A Guide to Travelling With a Child or Person With Disabilities
Here's how families can prepare and what support is on offer…
12 August 2018
Travelling can be stressful, travelling with children can be even more difficult and when you factor in a disability or learning difficulty, travelling can seem impossible.
However, despite the challenges you are sure to face, there are preparations you can make ahead of time and there is support on offer to help a child or person with disabilities and their family and carers.
People or children with disabilities or reduced mobility can still face serious problems when travelling by air, even though laws are supposed to be put in place to assist. This was recently apparent when a boy with epilepsy and his family forced were to leave Emirates flight in Dubai and treated very unfairly, despite having informed the airline and carrying a medical certificate.
The incident left the family demoralised, exhausted and distressed, as they believed that travel is becoming harder for disabled people. Although travel companies should be trained and equipped to help every consumer’s needs, we’ve prepared a guide with top tips for families who are travelling with a child or person with disabilities –so everyone can enjoy their holiday and be comfortable and relaxed when travelling.
Research and Booking Your Flight
It may sound simple, but research is key to travelling with a disabled child or person. Each airline and destination has different regulations, so it’s important to know your rights, what assistance you are entitled to and what procedures you need to follow to ensure as smooth as possible experience.
Write a list of what you need to find out and also one for what your priorities are when travelling with your child, then work through ticking them off.

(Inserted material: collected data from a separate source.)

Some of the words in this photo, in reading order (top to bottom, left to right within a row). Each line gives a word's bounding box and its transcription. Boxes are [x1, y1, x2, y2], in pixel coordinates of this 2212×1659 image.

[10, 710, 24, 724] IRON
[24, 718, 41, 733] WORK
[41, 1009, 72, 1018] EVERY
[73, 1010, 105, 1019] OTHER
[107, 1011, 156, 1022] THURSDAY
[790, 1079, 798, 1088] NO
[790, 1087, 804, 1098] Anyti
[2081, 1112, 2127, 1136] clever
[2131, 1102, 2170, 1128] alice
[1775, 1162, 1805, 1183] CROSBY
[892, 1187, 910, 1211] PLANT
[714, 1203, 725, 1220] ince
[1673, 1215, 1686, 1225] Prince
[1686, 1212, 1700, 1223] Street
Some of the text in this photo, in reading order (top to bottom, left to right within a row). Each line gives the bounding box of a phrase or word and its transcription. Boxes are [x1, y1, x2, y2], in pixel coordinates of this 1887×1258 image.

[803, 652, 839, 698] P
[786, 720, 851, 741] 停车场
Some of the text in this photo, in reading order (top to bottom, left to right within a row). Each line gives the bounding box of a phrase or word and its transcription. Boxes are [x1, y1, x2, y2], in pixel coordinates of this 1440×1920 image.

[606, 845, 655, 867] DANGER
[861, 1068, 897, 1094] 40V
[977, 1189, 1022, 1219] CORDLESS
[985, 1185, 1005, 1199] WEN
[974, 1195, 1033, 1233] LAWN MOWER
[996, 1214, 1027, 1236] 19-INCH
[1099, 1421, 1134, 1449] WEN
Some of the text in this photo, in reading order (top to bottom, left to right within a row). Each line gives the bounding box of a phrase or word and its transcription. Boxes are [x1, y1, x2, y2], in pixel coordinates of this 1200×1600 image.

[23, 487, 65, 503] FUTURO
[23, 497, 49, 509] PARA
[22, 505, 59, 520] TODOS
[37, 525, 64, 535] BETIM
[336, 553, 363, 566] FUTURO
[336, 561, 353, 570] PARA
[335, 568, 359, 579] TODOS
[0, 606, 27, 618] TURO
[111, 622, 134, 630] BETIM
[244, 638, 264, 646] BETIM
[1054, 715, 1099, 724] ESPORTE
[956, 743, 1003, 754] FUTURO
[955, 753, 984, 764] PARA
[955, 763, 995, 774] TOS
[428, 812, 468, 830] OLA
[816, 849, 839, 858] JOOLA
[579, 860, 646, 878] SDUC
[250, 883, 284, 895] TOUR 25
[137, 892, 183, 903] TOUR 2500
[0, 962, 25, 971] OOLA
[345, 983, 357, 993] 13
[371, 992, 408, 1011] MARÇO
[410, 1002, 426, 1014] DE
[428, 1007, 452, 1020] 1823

Your first point of contact should always be the airline (if you get hold of them, try social media such as Twitter), let them know your family member has special needs and make it clear how you need them to help (where would be best to sit, what equipment you may need to take on board etc.), and also what they need from you in return (i.e. medical certificates).
- Book flights well in advance and call the airline to ensure that all disability-related needs will be met.
- Airlines usually ask you to contact them 48 hours before the flight, but do it before this to allow more preparation time
- Ask for the name and position of each person you speak with and record this information.
- Request a specific seat in advance if needed for easy access, extra room, wheelchair transfer, a physical condition, or for animal assistance.
- If you’re travelling with a travel agent or holiday company, also notify them of your specific needs and they should assist you with planning the whole trip
Consider the length of a flight, the amount of time you have between transfers and the time you are flying before booking –to ensure you get the flight most suitable for your family.
Also, do your research about border patrol and customs screening at the airport you are travelling to and from. If it may be difficult for you to communicate, have everything written down and printed out in the language necessary so you can clearly explain what would be helpful in relation to the disability.
- Before you leave ensure you have all documentation, from medical notes to passports, organisation will help for a less stressful trip!
- Make arrangements for travel to and from airports to avoid frustration upon arrival and departure.
- Arrive at the airport one hour earlier than usually advised. This will you extra time for accommodations to be made
- Assistance given at airports should enable persons with disabilities to proceed from a designated point of arrival to an aircraft and from the aircraft to a designated point of departure, including embarking and disembarking.
- Travellers are entitled to check in medical equipment free of extra charges. The airline should also be responsible for transporting mobility aids etc. (It’s important to note regulations vary from airline to airline).
- Some airports now offer lanyards or badges to help staff to recognise disabilities or learning difficulties, which can help airports to accommodate and instantly understand the families needs. This may be something you want to consider if you’re comfortable with it.
Source: Gatwick Airport -Hidden disabilities travelling through Gatwick
- Even though you’ve already spoken to the airline prior to flying, make sure you remind them at the check in desk of your needs –make sure they fully understand and everything is correctly noted on your booking
Before you fly make sure you discuss with your Doctor the upcoming trip and what will be needed. Limits on carrying liquids don’t apply to essential medications, but you need to have pharmacy labels attached with the name of the passenger –but, always ring ahead and check.
Some countries, like the UAE, also have banned lists of medications coming into the country. So do your research and seek special provisions if necessary. Pack medicines into your hand-luggage, so they are always to hand and plan for every eventuality.